If left unchecked, intellectual doubt metastasizes, seeping its way into our emotions and collecting a wide array of fears, worries, anxieties, anger, confusion, depression, and ultimately despair at the thought of being played or duped or envisioning a life without our once “cherished belief” in God.

Horrifying so, doubt is no stranger to our time. And capturing the zeitgeist of our changing times is quite the project. We live in a multi-textured culture that is replete with innumerable beliefs, opinions, ideas, and life philosophies. Ours is a culture of doubt and longing, faith and questioning, searching and probing. And much of the doubt has been accelerated by fast-paced change. Our culture is living between the tension of what we once were and what we are now becoming. And for many, waiting in the blank space between the definition of what we were and the search to define what we are becoming feels for the moment confusing, and even a bit uncomfortable.

Echoing this angst, Os Guinness writes, “We live in an age of doubt, disillusion and disaffiliation, which naturally prizes what has been described as ‘the faith that you go to when you don’t know where to go.”[i] Both our pluralistic and secularized culture has produced a fragilized-self as it pertains to doubt.[ii] We’ve shifted from Christianity to Anyanity (pluralism) or Noanity (atheism).
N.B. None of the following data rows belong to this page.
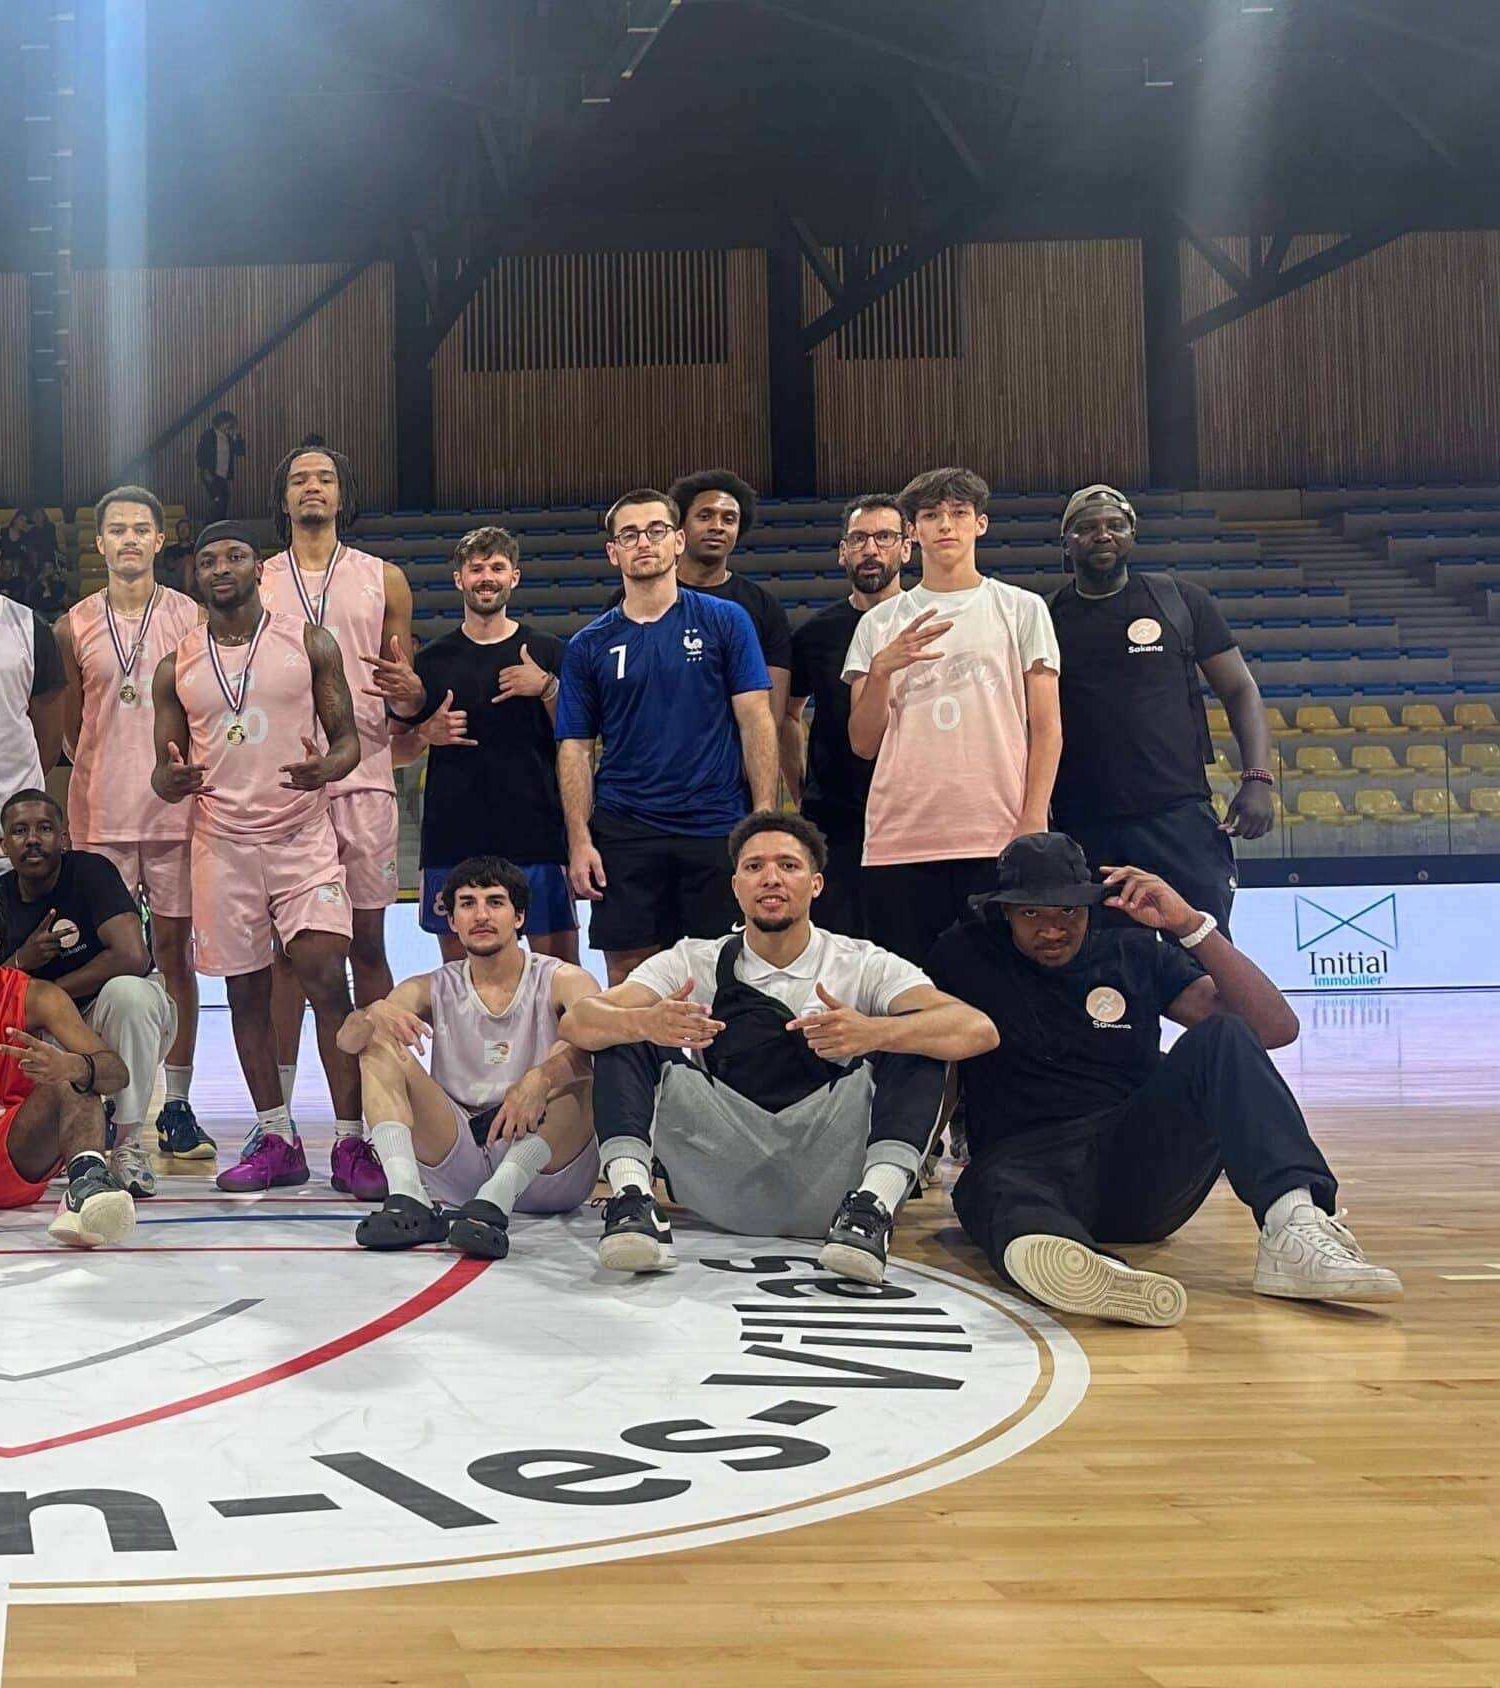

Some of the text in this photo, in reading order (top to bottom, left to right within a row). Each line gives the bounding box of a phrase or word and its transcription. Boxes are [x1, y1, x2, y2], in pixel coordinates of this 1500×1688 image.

[609, 644, 627, 680] 7
[1128, 644, 1164, 654] Sakana
[932, 695, 961, 731] 0
[1308, 949, 1389, 976] Initial
[1314, 974, 1384, 987] immobilier
Belief isn’t nearly as comfortable and cozy as it once seemed. There’s an irritant to it; like a pebble in a shoe, these competing beliefs have made the faith walk a little less comfortable. Today, record numbers of those who once professed faith in Christ are walking away from the church, even limping, in the name of doubt.

Such torturous doubt splits the mind. And contrary to popular belief, intellectual doubt is not the opposite of faith; unbelief is. Doubt is in between, seesawing and dangling in the middle.

Yet, make no mistake. Doubt never stays put. It’s not neutral.

It makes up its mind.

It’s directional.

It’s going somewhere.

This means a person will either doubt toward unbelief or they will doubt toward faith. You’ll waver one way or another. But thankfully God can discern the nature of our doubts. There’s skeptical doubt and sincere doubt. There is antagonistic doubt and authentic doubt. And the difference between them is worlds apart. Those who hold to the latter want their doubts solved so they can go forward with God, while the former want their doubts confirmed so they can move beyond God.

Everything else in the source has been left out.